_Records supplied_
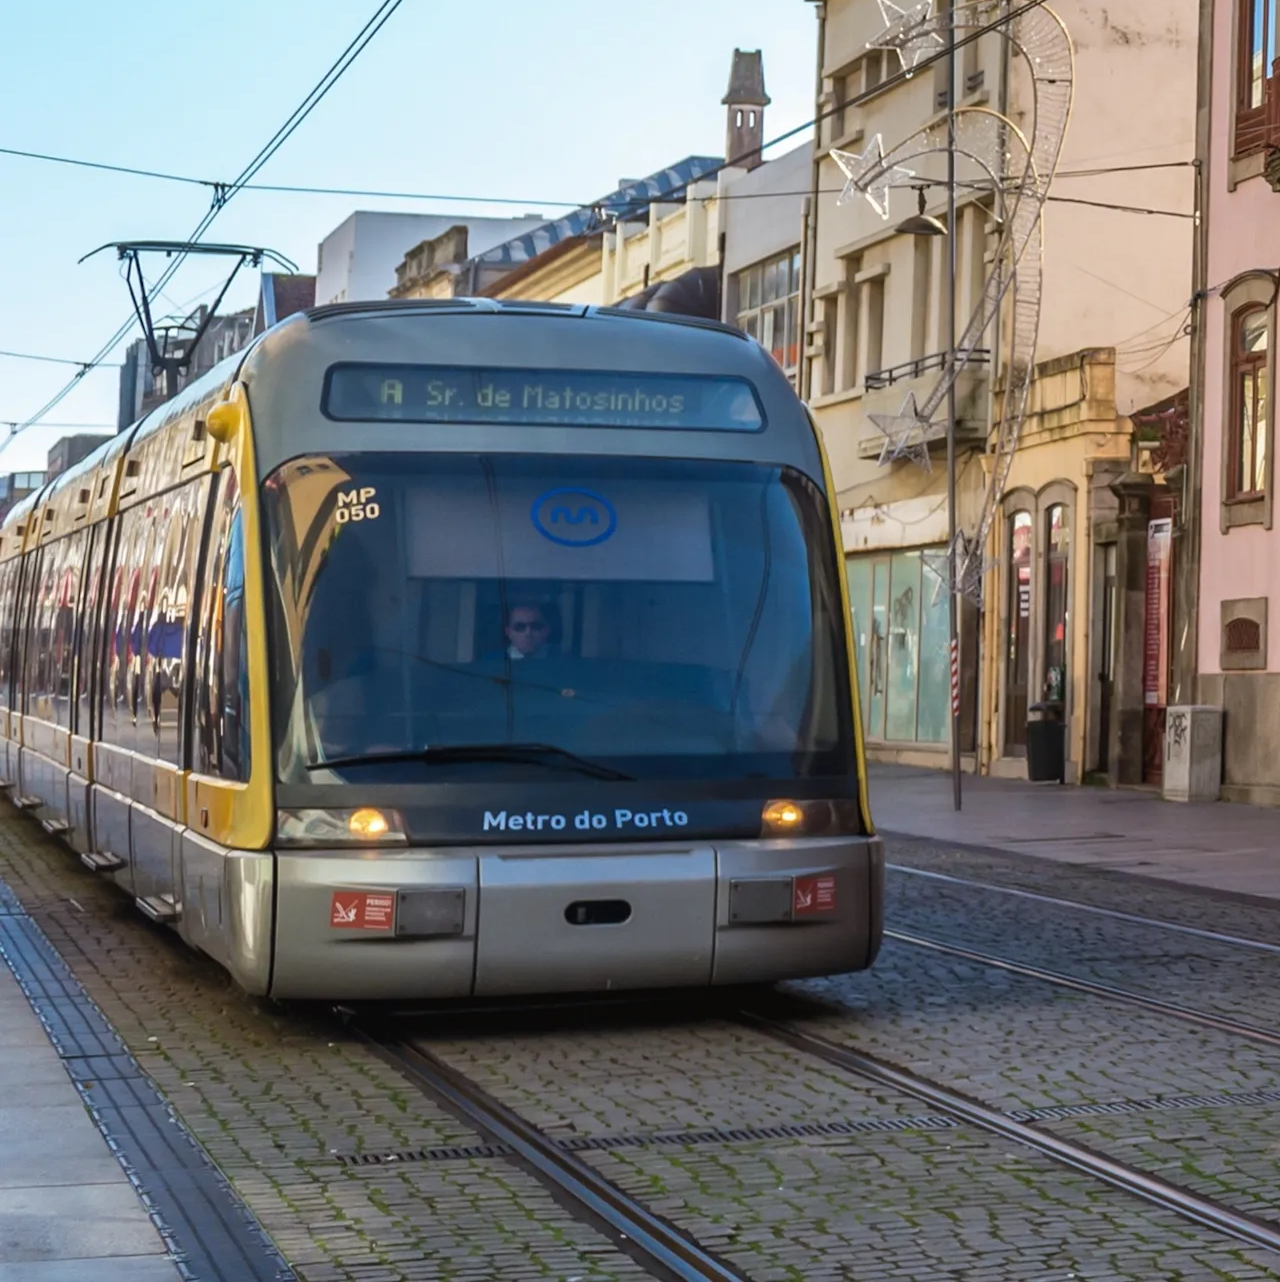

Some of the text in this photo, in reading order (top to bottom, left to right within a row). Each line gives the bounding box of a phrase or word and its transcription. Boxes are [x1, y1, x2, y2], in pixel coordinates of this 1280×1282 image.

[426, 380, 464, 407] Sr.
[477, 383, 510, 408] de
[522, 386, 685, 412] Matosinhos
[337, 487, 376, 507] MP
[335, 503, 379, 523] 050
[483, 808, 688, 830] Metro do Porto
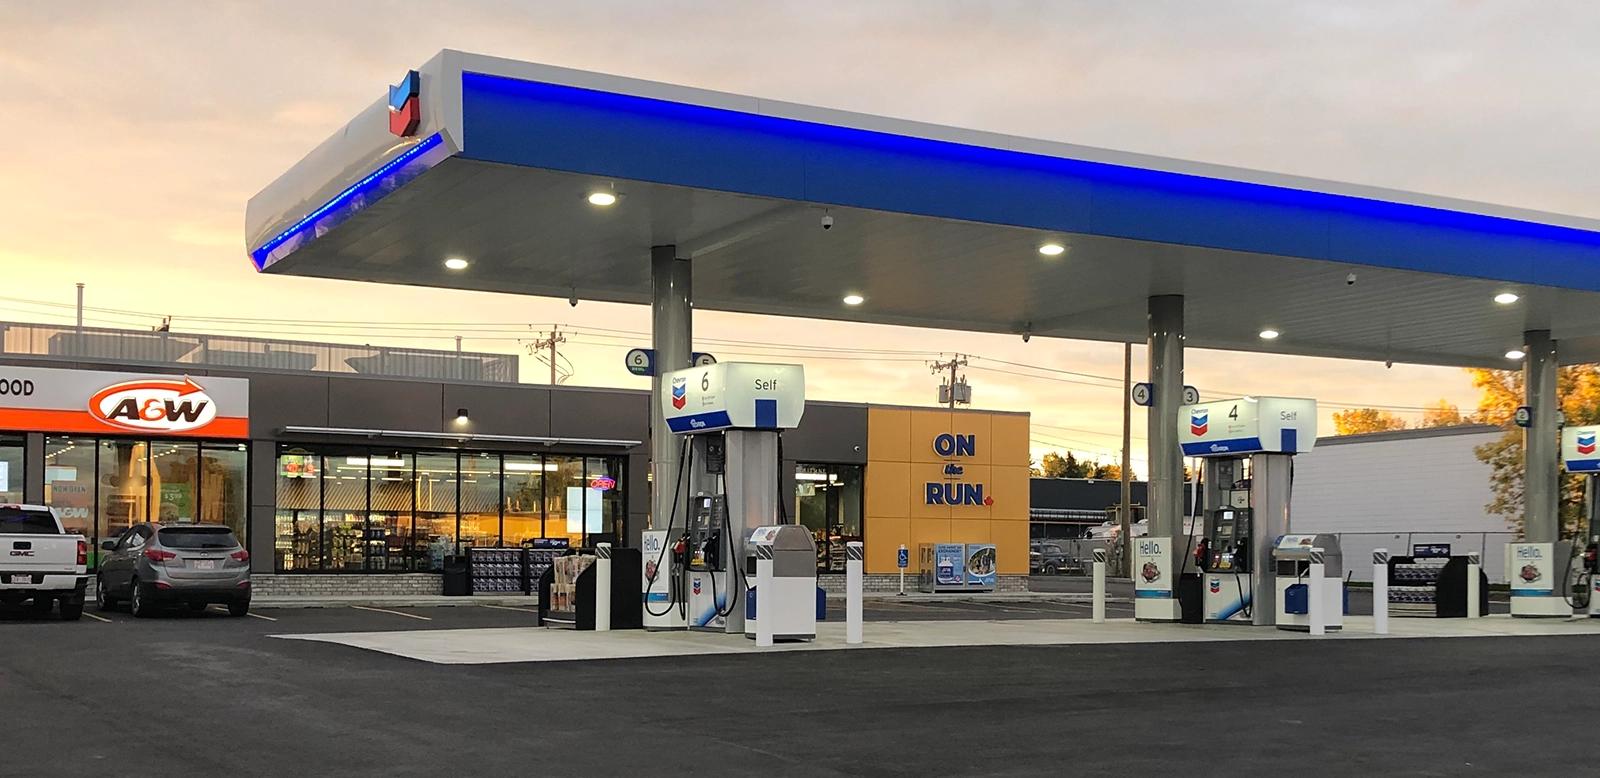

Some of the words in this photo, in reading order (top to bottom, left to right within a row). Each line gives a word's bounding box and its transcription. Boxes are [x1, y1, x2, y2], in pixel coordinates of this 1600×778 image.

[634, 354, 643, 365] 6
[0, 379, 35, 396] OOD
[701, 371, 709, 392] 6
[755, 379, 778, 391] Self
[1138, 388, 1146, 400] 4
[1186, 392, 1194, 403] 3
[104, 397, 209, 422] A&W
[1228, 404, 1239, 421] 4
[1280, 411, 1297, 421] Self
[1519, 411, 1526, 419] 2
[934, 433, 975, 457] ON
[943, 463, 964, 476] the
[590, 479, 616, 490] OPEN
[924, 482, 984, 506] RUN
[1140, 540, 1162, 555] Hello.
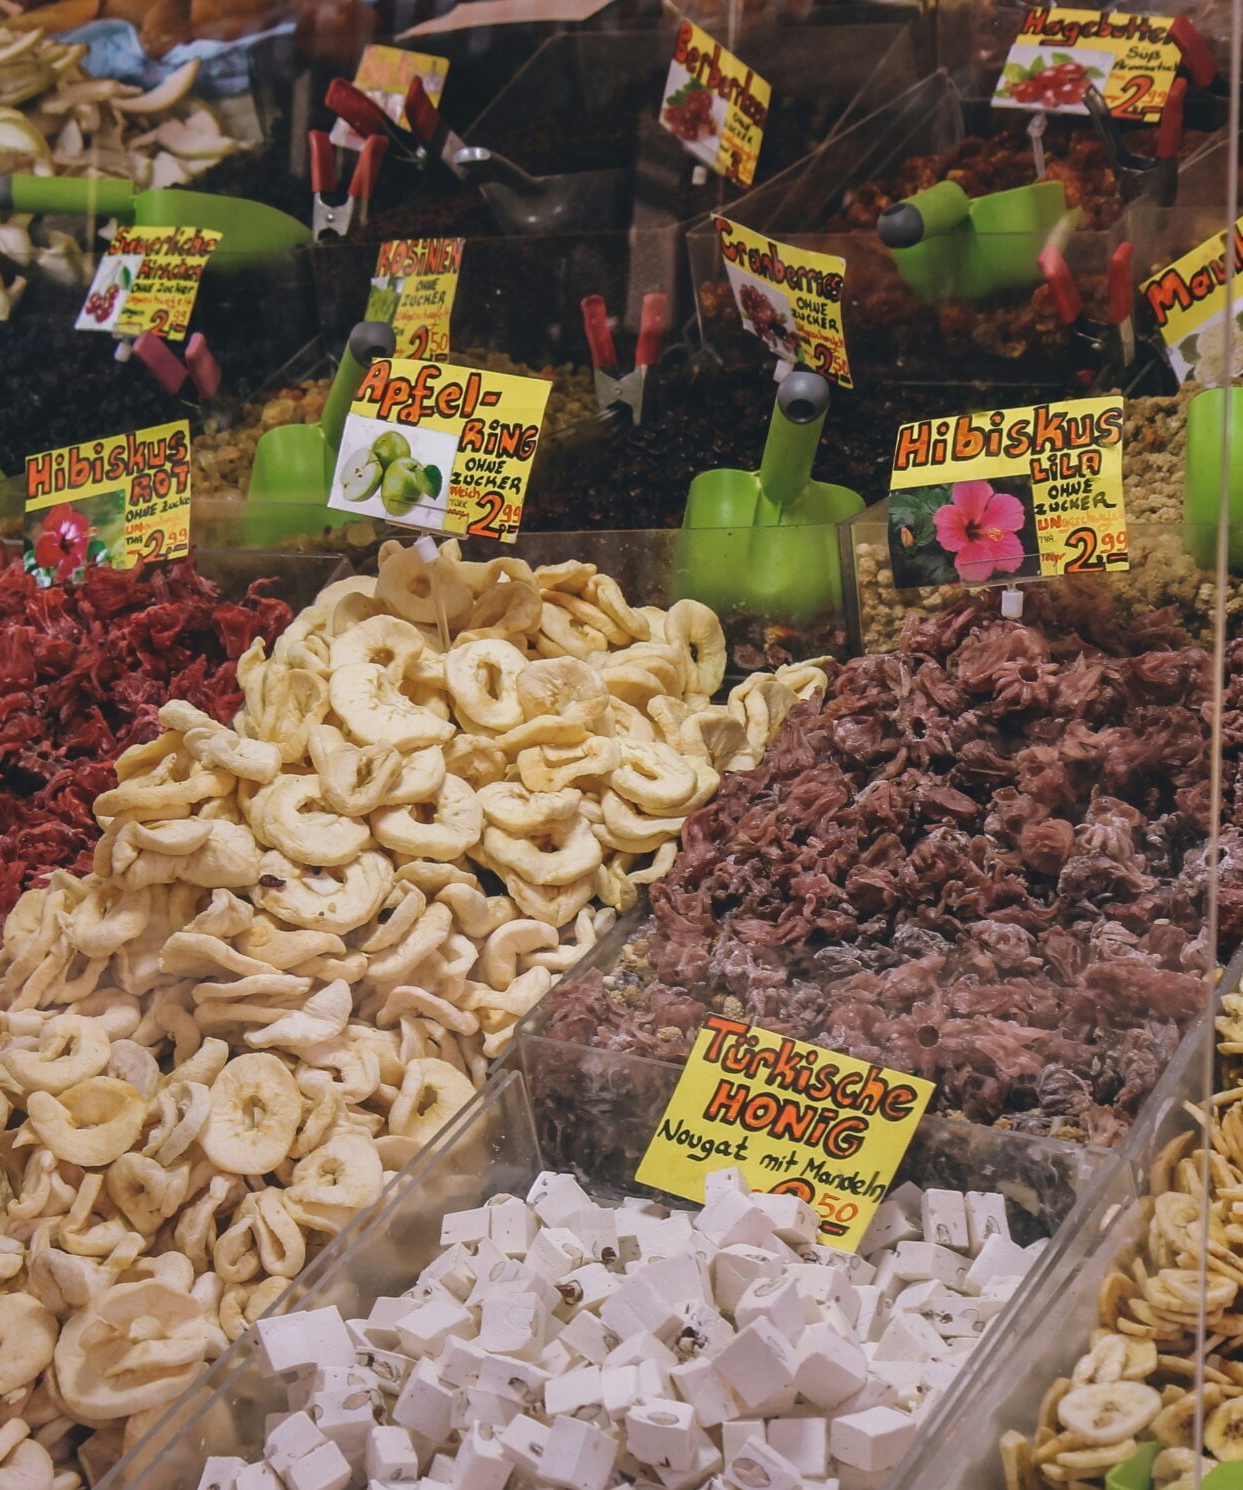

_Activity_
All that the answer may contain is the exact text of the lines from the one with "Some of the words" through the last line of the material, pictures excluded.

_Response to this task_
Some of the words in this photo, in reading order (top to bottom, left to right within a row). Each line gives a word's bounding box and its transcription. Boxes are [x1, y1, x2, y2], in pixel coordinates of this 1600×778 image.

[634, 354, 643, 365] 6
[0, 379, 35, 396] OOD
[701, 371, 709, 392] 6
[755, 379, 778, 391] Self
[1138, 388, 1146, 400] 4
[1186, 392, 1194, 403] 3
[104, 397, 209, 422] A&W
[1228, 404, 1239, 421] 4
[1280, 411, 1297, 421] Self
[1519, 411, 1526, 419] 2
[934, 433, 975, 457] ON
[943, 463, 964, 476] the
[590, 479, 616, 490] OPEN
[924, 482, 984, 506] RUN
[1140, 540, 1162, 555] Hello.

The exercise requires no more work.